Чем же они отделяются? Отсутствием понятия силы. Хотя совершенно справедливо, что логика и математика пользуются членами, которые должны необходимо быть способны выражать внутренний смысл и, следовательно, производить действие, однако также совершенно справедливо, что науки эти отличаются не только тем, что они не делают в своих положениях никакого указания на эту силу, но даже требуют безусловного исключения ее. Вместо того чтобы быть, как во всех других науках, элементом не только признанным, но и важным, сила является в математике и логике не только несущественным, но даже заведомо непризнаваемым элементом. Члены, в которых логика выражает свои положения, суть знаки, которые вовсе не представляют собою вещей, свойств или способностей одного рода скорее, чем другого, и которые могли бы также хорошо служить и для выражения атрибутов, свойственных членам какого-либо связного ряда идеальных кривых линий, начерченных лишь для представления соответственного числа действительных предметов. Что касается геометрии, то она, отнюдь не пользуясь действительными линиями и поверхностями как элементами истин, ею доказываемых, рассматривает, напротив, эти истины как безусловные только тогда, когда эти линии и эти поверхности становятся идеальными, т. е. когда исключается понятие всякого приложения силы.

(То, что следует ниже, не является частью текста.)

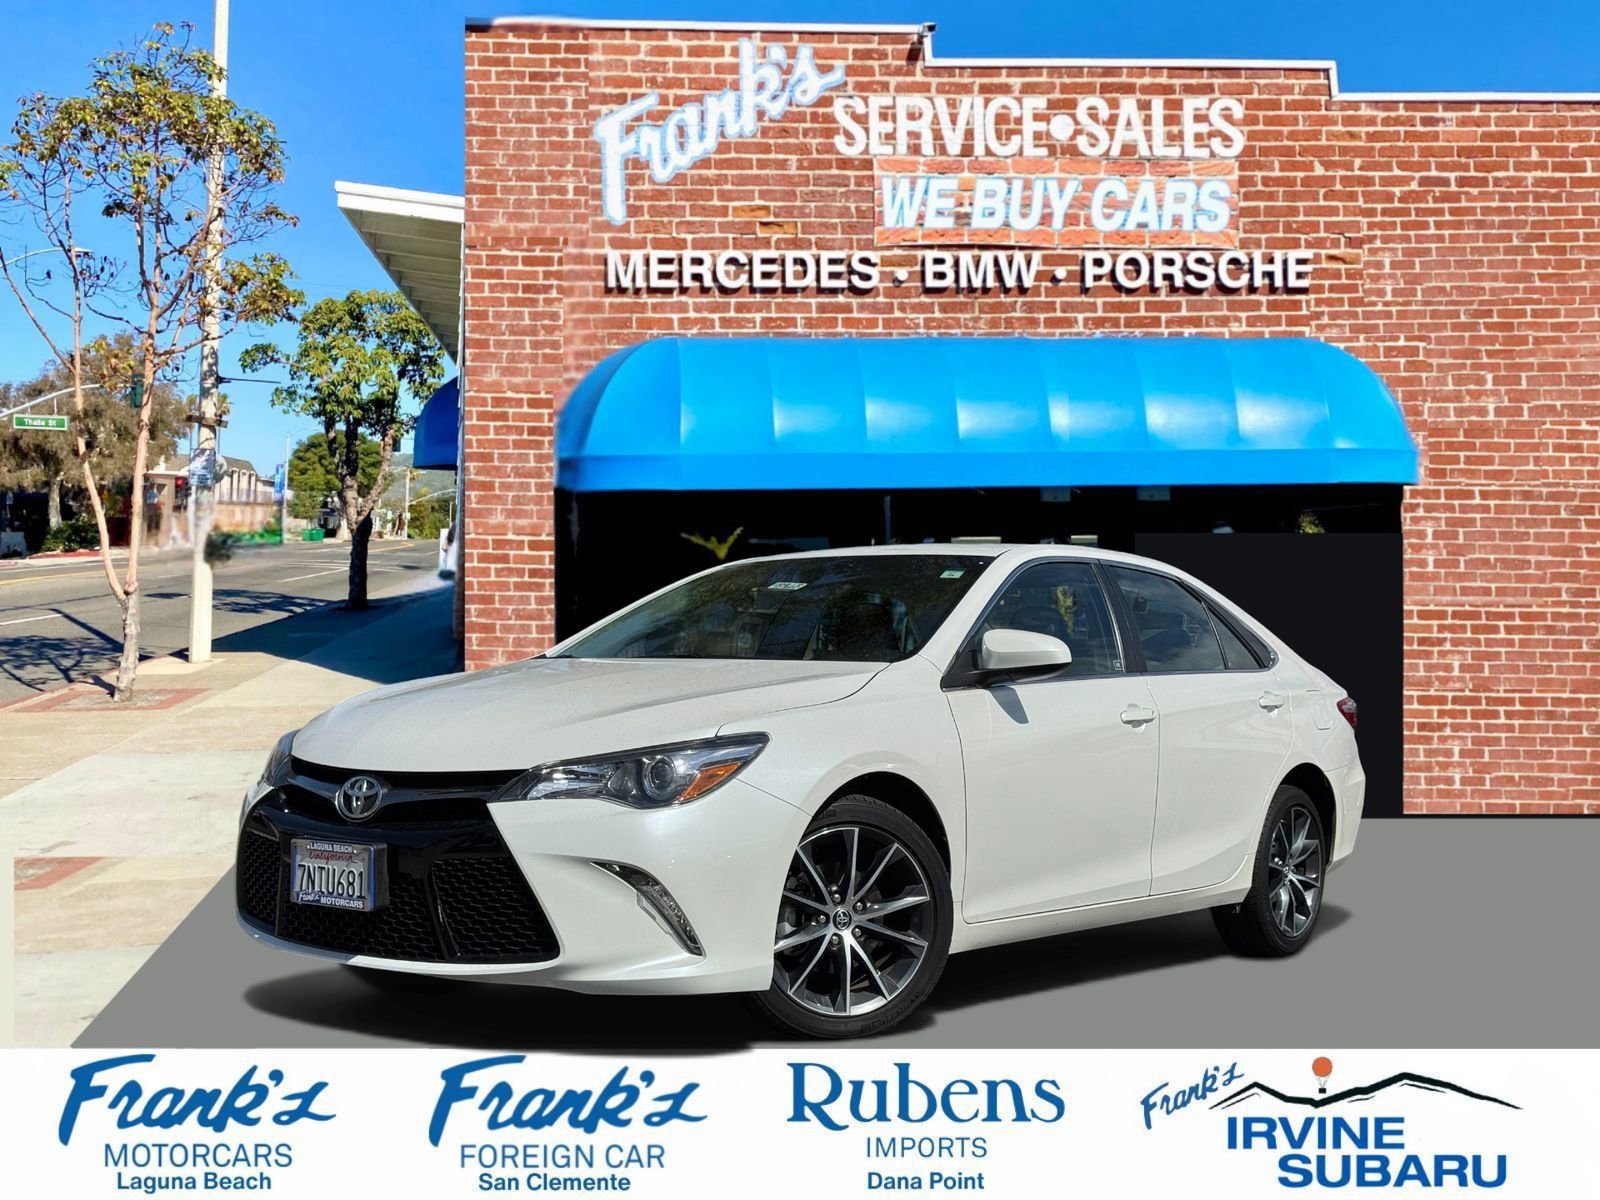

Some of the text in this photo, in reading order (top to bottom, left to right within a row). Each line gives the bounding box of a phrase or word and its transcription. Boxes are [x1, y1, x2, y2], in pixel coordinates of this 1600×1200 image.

[594, 38, 846, 224] Frank's
[881, 174, 1232, 232] WE BUY CARS
[606, 250, 1313, 289] MERCEDES BMW PORSCHE
[310, 842, 353, 853] LAGUNA BEACH
[320, 896, 364, 909] MOTORCARS
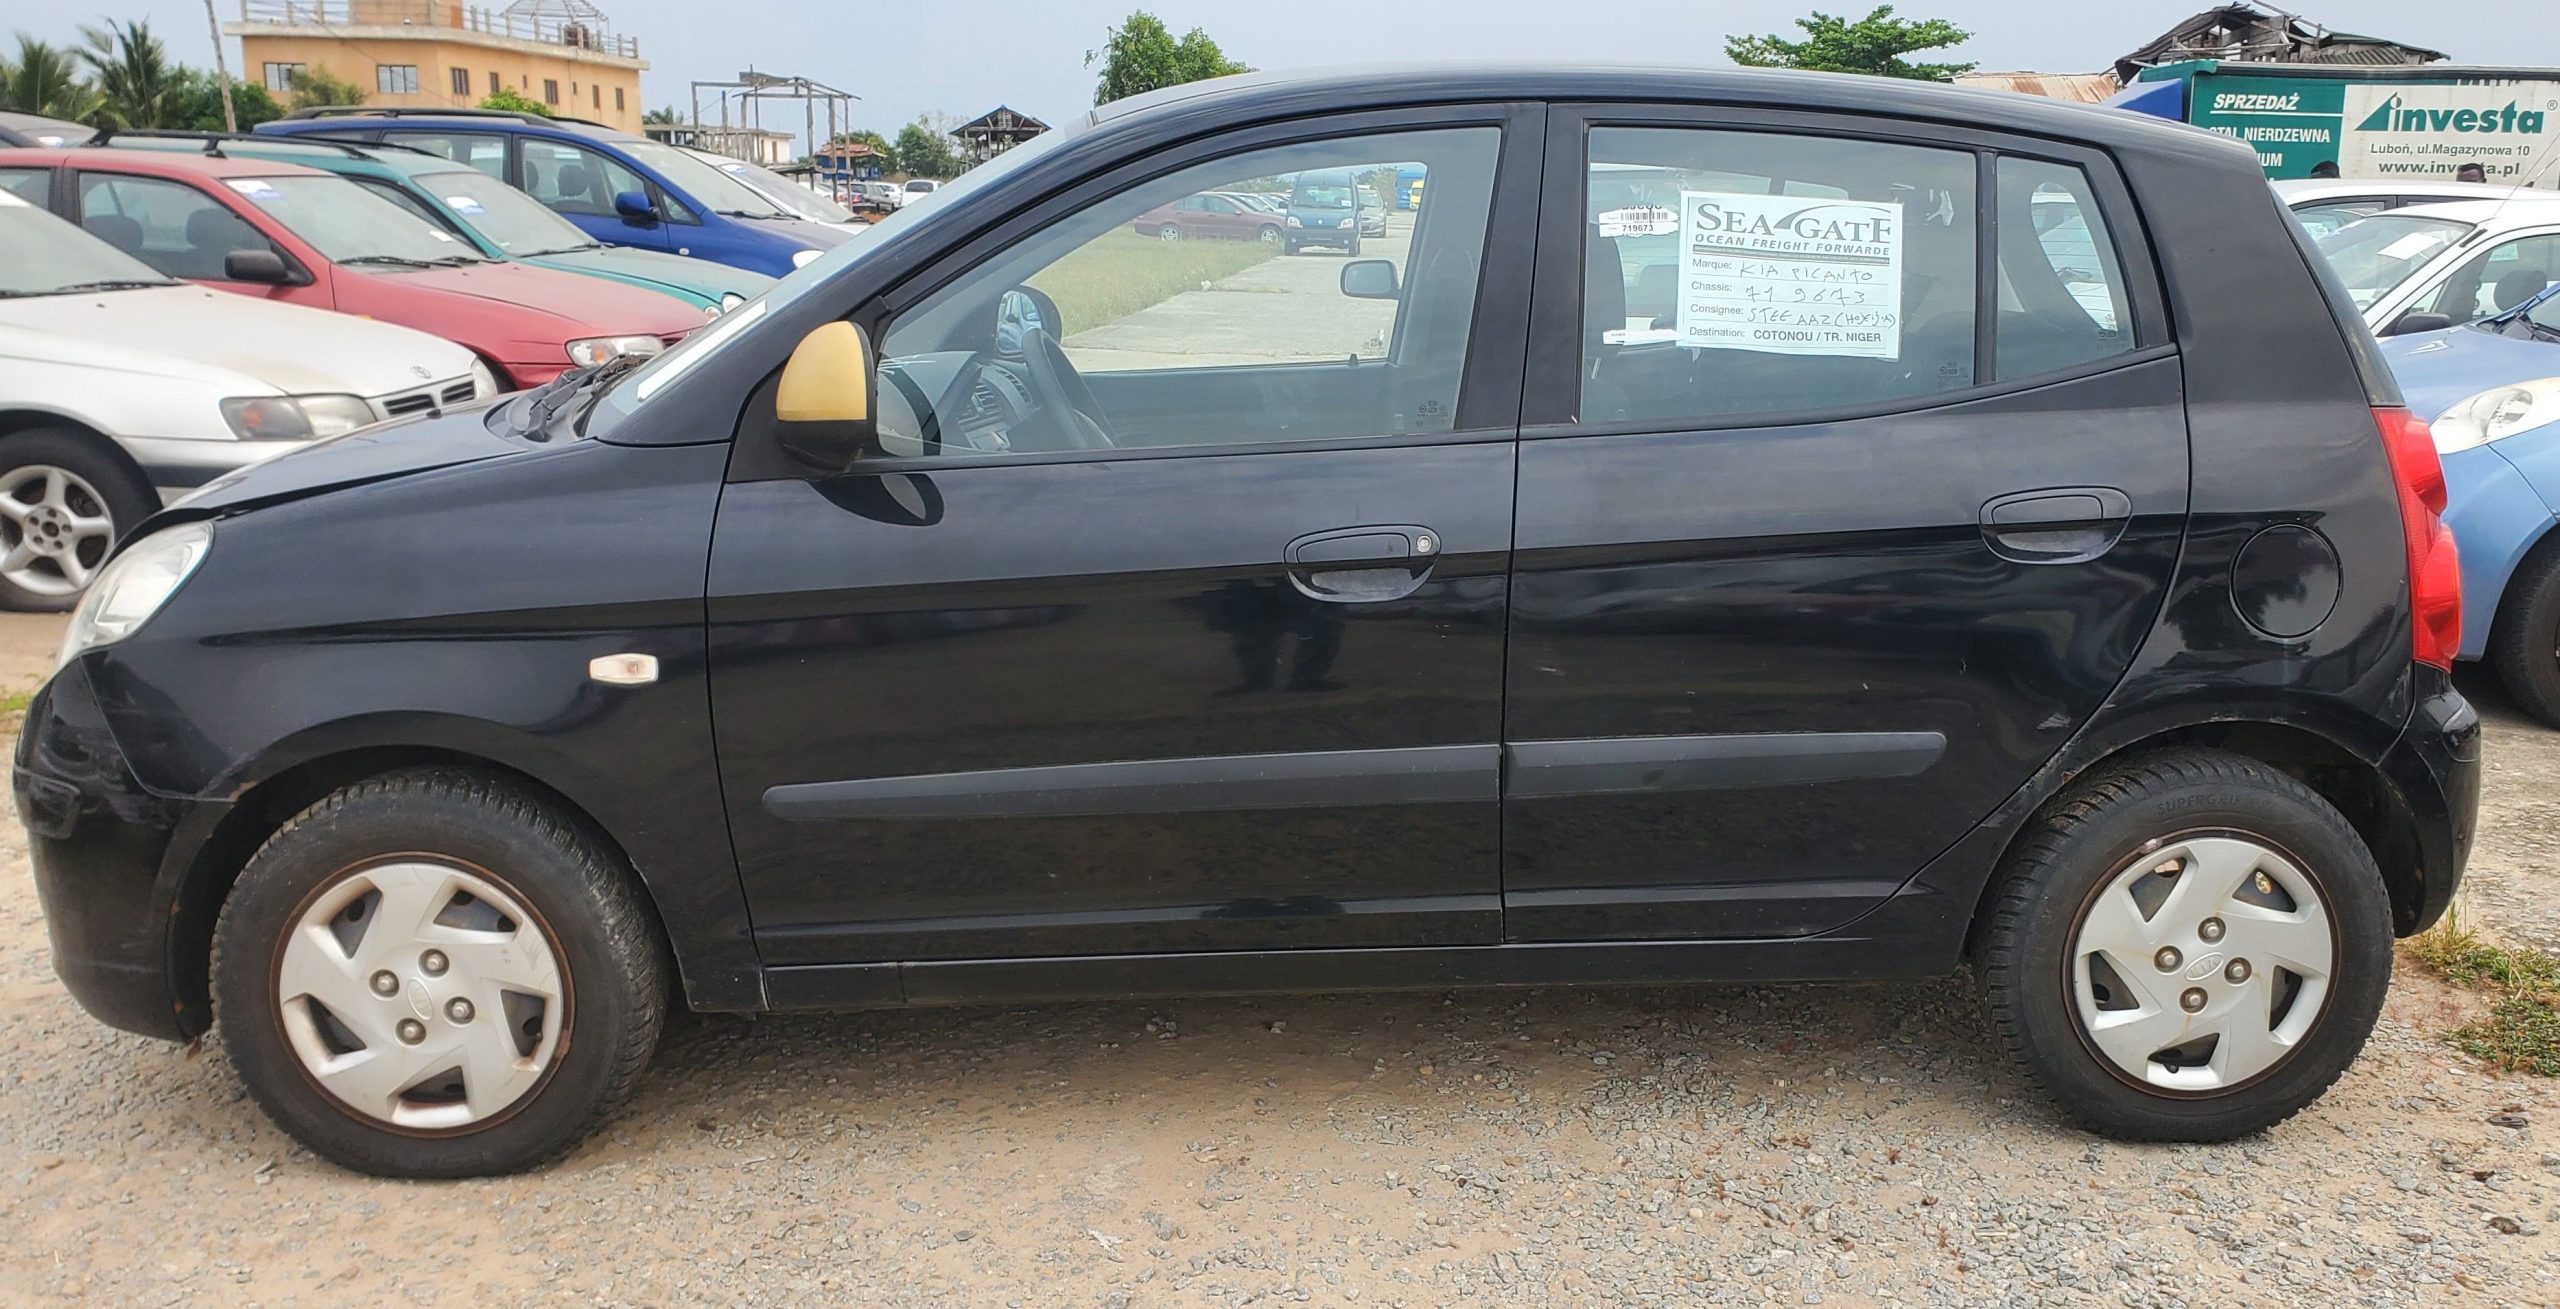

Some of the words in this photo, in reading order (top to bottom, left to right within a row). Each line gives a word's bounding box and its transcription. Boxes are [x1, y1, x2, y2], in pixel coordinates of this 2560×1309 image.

[2213, 92, 2300, 110] SPRZEDAŻ
[2388, 95, 2545, 134] investa
[2244, 127, 2331, 143] NIERDZEWNA
[2370, 143, 2413, 155] Luboń,
[2417, 143, 2512, 157] ul.Magazynowa
[2516, 145, 2530, 156] 10
[2378, 161, 2520, 177] www.inva.pl
[1622, 224, 1654, 232] 719673
[1696, 203, 1774, 236] SEA
[1794, 217, 1891, 244] GATE
[1695, 233, 1745, 246] OCEAN
[1752, 238, 1810, 252] FREIGHT
[1816, 243, 1890, 256] FORWARDE
[1692, 258, 1732, 271] Marque:
[1691, 280, 1732, 292] Chassis:
[1690, 303, 1744, 316] Consignee:
[1689, 326, 1745, 338] Destination:
[1753, 329, 1813, 341] COTONOU
[1824, 332, 1843, 342] TR.
[1846, 332, 1882, 342] NIGER

Теперь я перейду к изложению других доводов, которые не предполагают своей солидарности с доктриной эволюции, но которые устанавливают эти основные различия с такой же ясностью.
Конкретные науки, взятые все вместе или порознь, имеют предметом своим агрегаты: или один целый агрегат ощутительных существований, или какой-либо вторичный агрегат, отделенный от этого целого агрегата, или какой-либо третичный агрегат, отделившийся от этого вторичного, и т. д. Звездная астрономия занимается всей совокупностью видимых масс, распределенных в пространстве; и она рассматривает их как отдельные предметы, тождество которых не может быть признано, предметы, занимающие определенное место и находящиеся в постоянных отношениях как друг к другу и к частным группам, так и ко всей целой группе.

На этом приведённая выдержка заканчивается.